***** DATA FOR THIS TASK

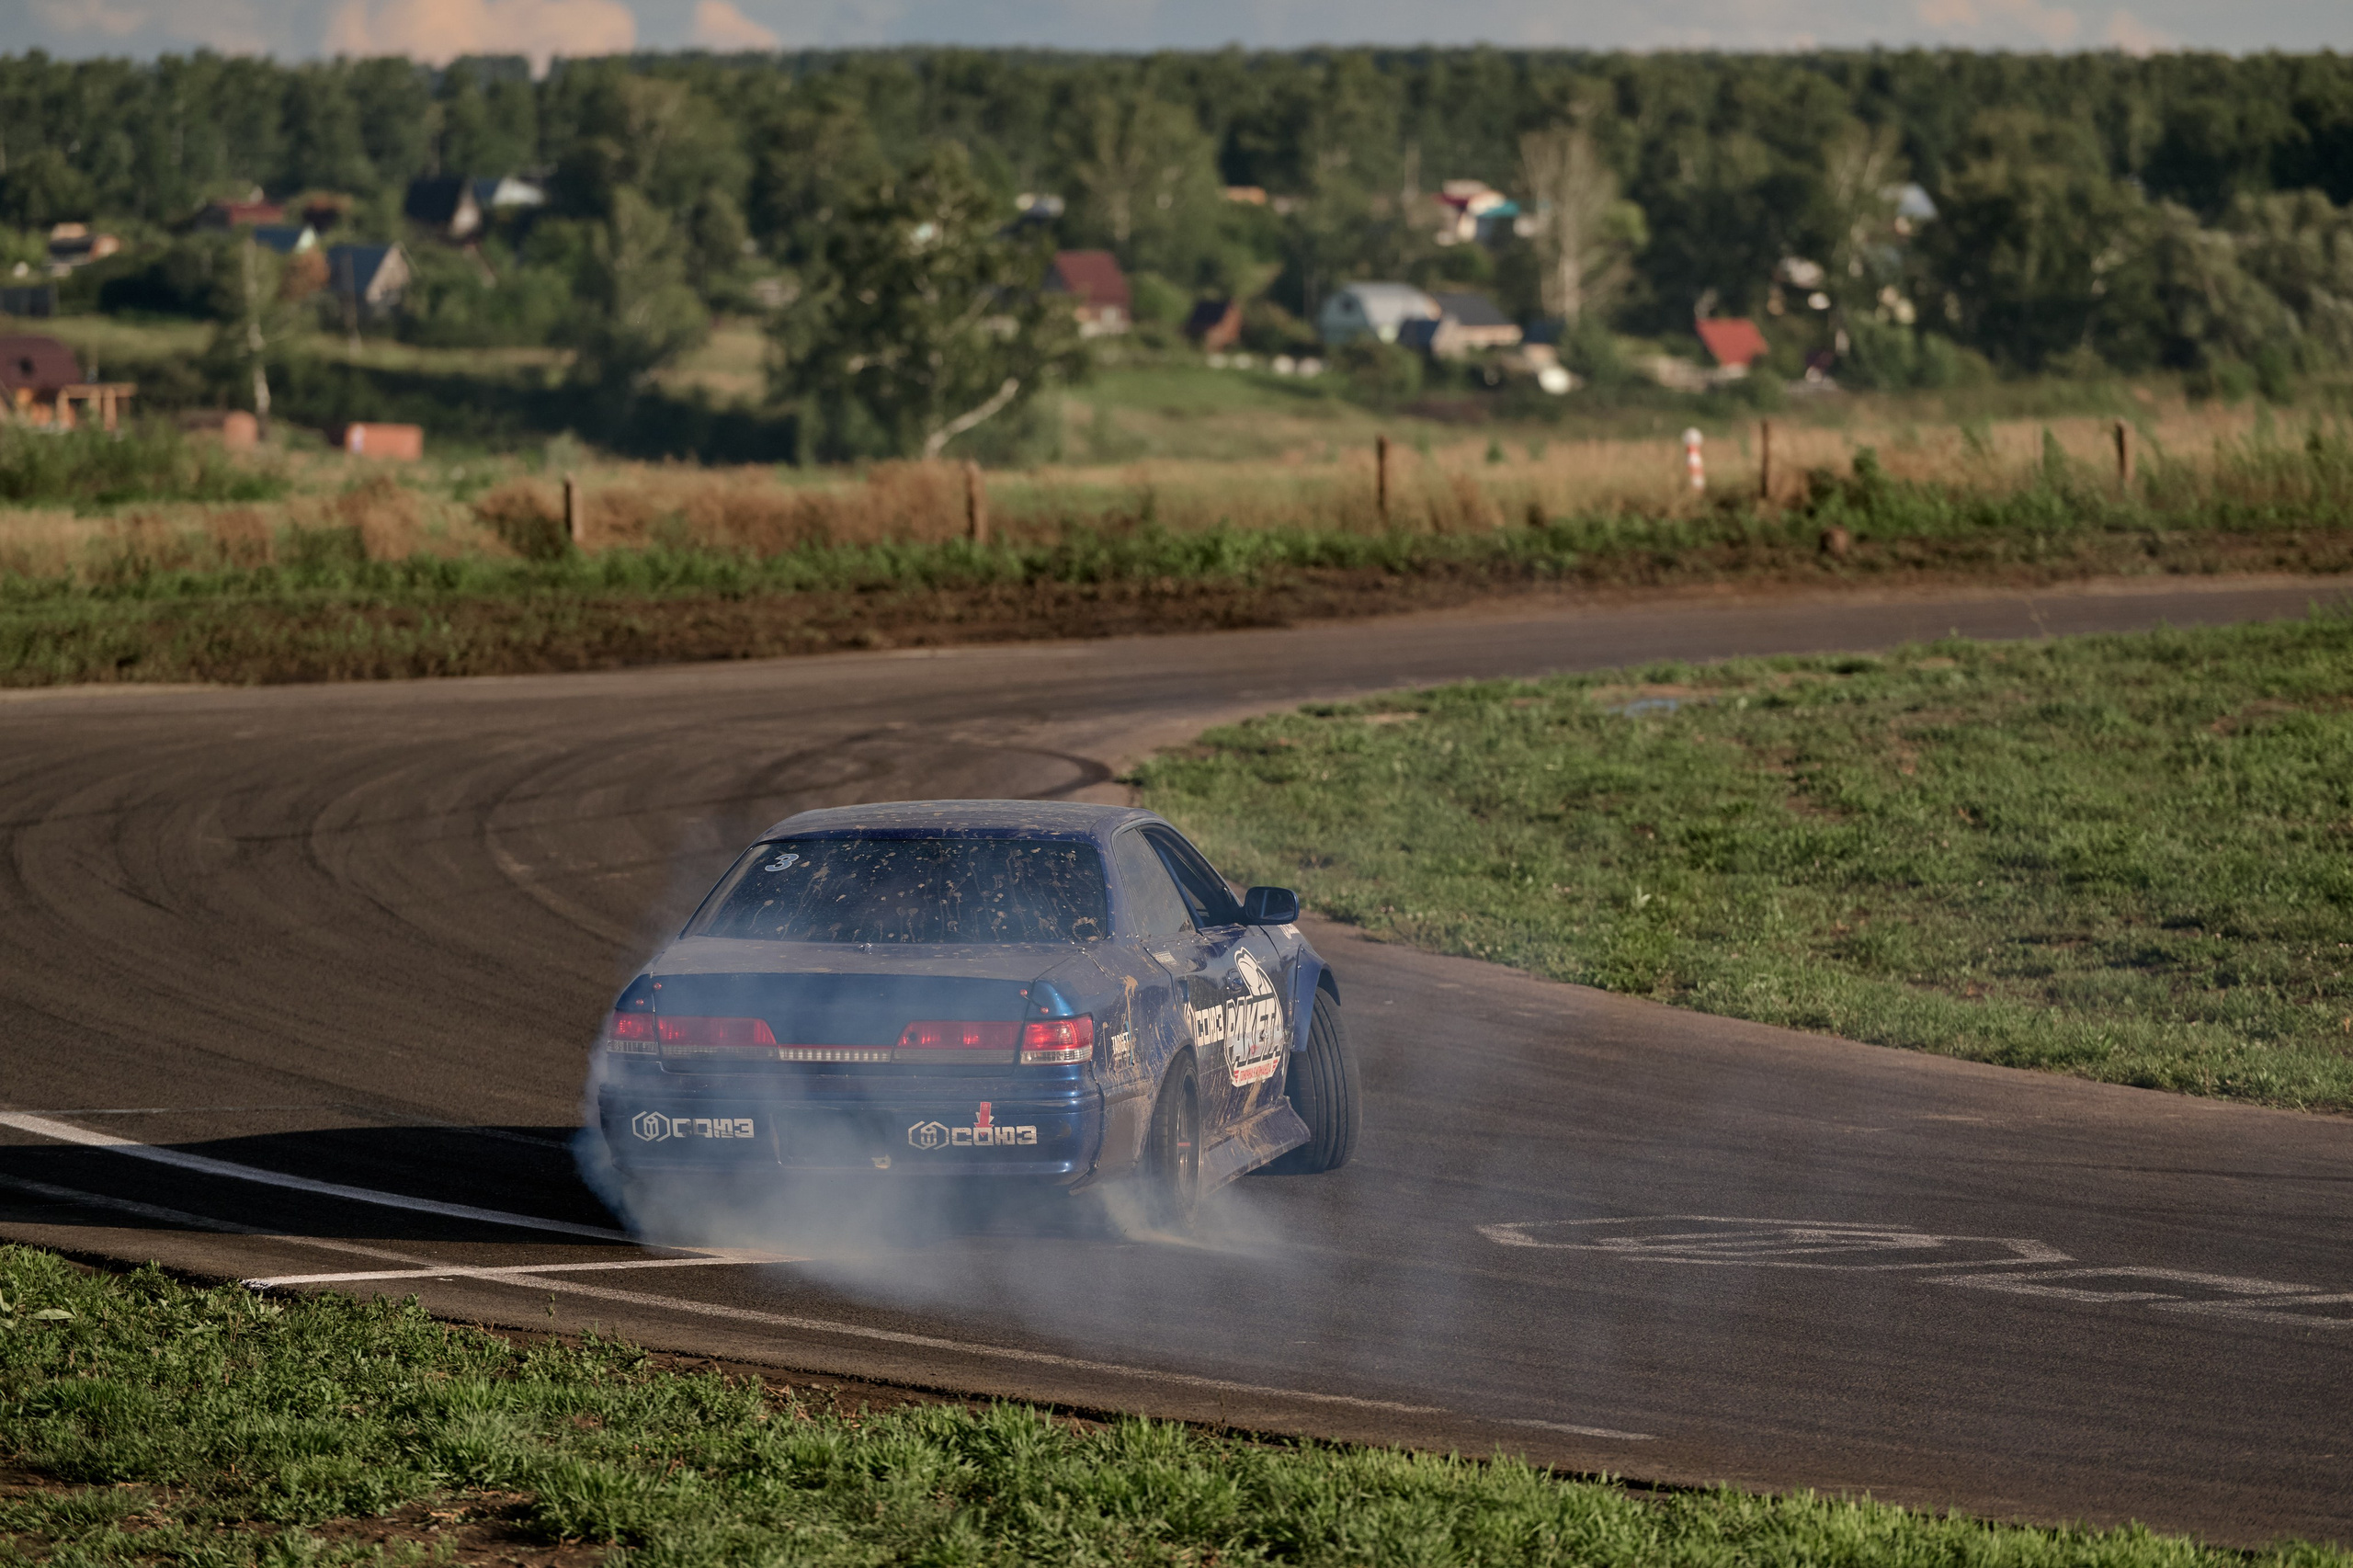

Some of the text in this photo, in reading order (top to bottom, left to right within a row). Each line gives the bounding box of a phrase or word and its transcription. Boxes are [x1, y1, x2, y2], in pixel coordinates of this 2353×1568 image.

[765, 853, 800, 872] 3
[1195, 1005, 1224, 1047] СОЮЗ
[1226, 996, 1283, 1064] РАКЕТА
[672, 1118, 754, 1139] СОЮЗ
[951, 1125, 1038, 1146] СОЮЗ
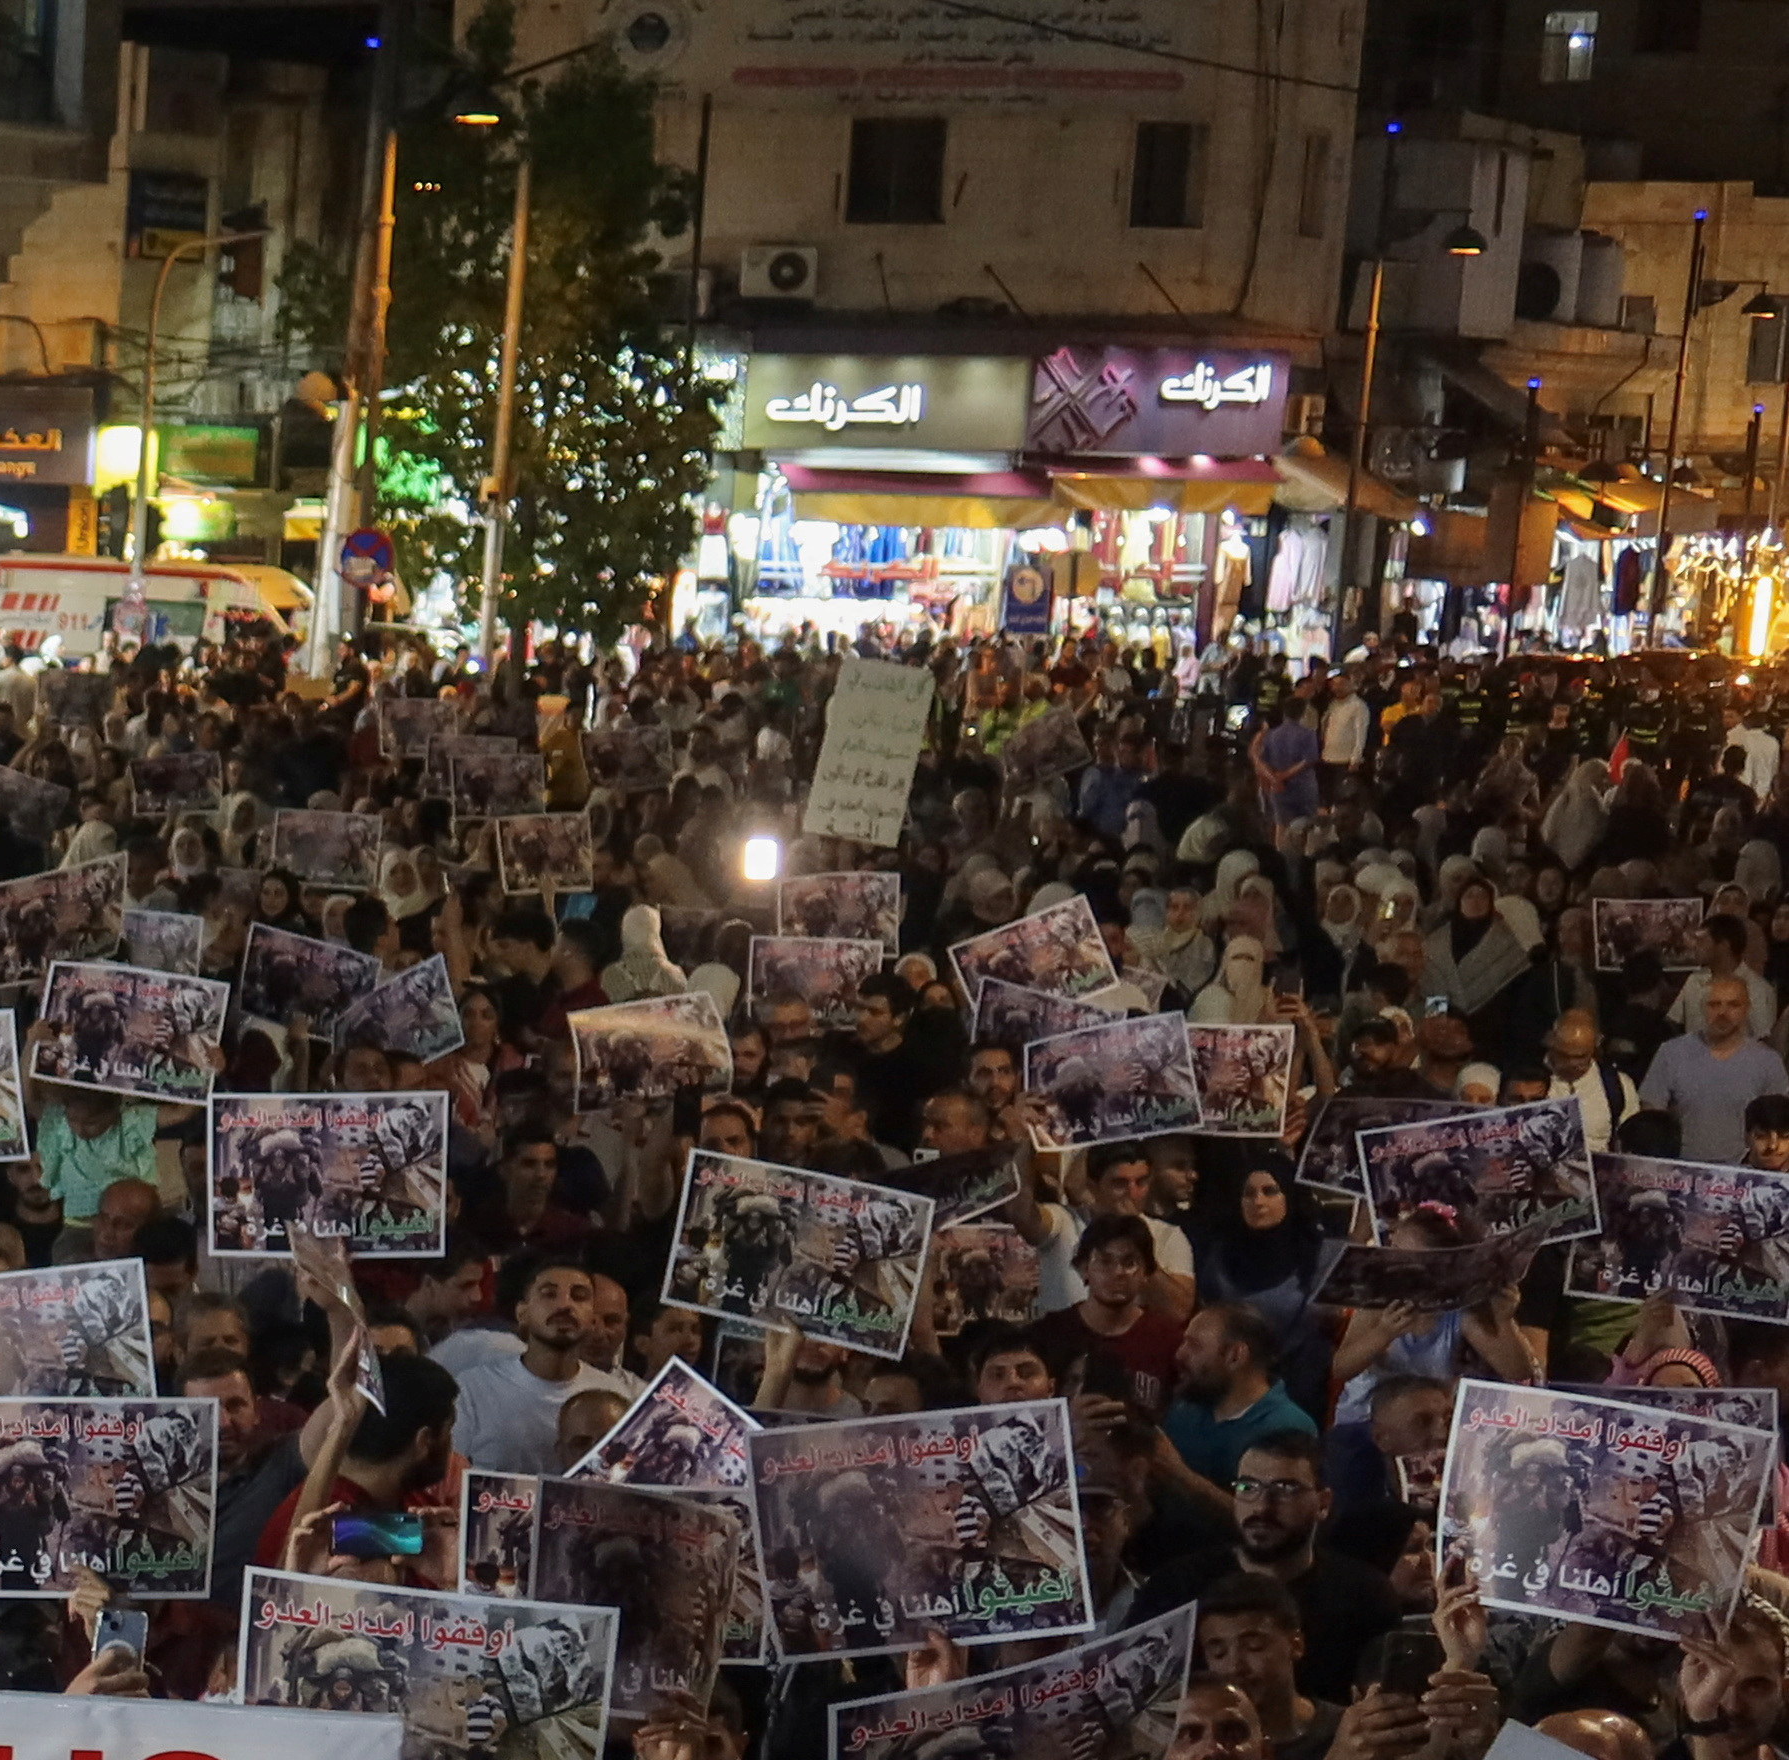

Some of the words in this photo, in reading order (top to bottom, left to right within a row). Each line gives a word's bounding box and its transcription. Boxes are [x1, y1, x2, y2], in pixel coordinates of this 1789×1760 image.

[1159, 361, 1272, 410] الكرنك
[765, 382, 923, 431] الكرنك
[58, 612, 89, 631] 911
[1463, 1404, 1528, 1431] العدو
[1535, 1413, 1603, 1448] إمداد
[1606, 1421, 1690, 1464] أوقفوا
[961, 1564, 1076, 1619] أغيثوا
[1558, 1562, 1622, 1598] أهلنا
[254, 1597, 332, 1630] العدو
[339, 1607, 416, 1647] إمداد
[421, 1613, 516, 1659] أوقفوا

**********

→ **TASK DETAILS**: Leaving out the pictures, transcribe the material above exactly.

→ **EXERCISE OUTPUT**:
Some of the text in this photo, in reading order (top to bottom, left to right within a row). Each line gives the bounding box of a phrase or word and its transcription. Boxes are [x1, y1, x2, y2], in pixel coordinates of this 2353×1568 image.

[765, 853, 800, 872] 3
[1195, 1005, 1224, 1047] СОЮЗ
[1226, 996, 1283, 1064] РАКЕТА
[672, 1118, 754, 1139] СОЮЗ
[951, 1125, 1038, 1146] СОЮЗ

Some of the words in this photo, in reading order (top to bottom, left to right within a row). Each line gives a word's bounding box and its transcription. Boxes are [x1, y1, x2, y2], in pixel coordinates of this 1789×1760 image.

[1159, 361, 1272, 410] الكرنك
[765, 382, 923, 431] الكرنك
[58, 612, 89, 631] 911
[1463, 1404, 1528, 1431] العدو
[1535, 1413, 1603, 1448] إمداد
[1606, 1421, 1690, 1464] أوقفوا
[961, 1564, 1076, 1619] أغيثوا
[1558, 1562, 1622, 1598] أهلنا
[254, 1597, 332, 1630] العدو
[339, 1607, 416, 1647] إمداد
[421, 1613, 516, 1659] أوقفوا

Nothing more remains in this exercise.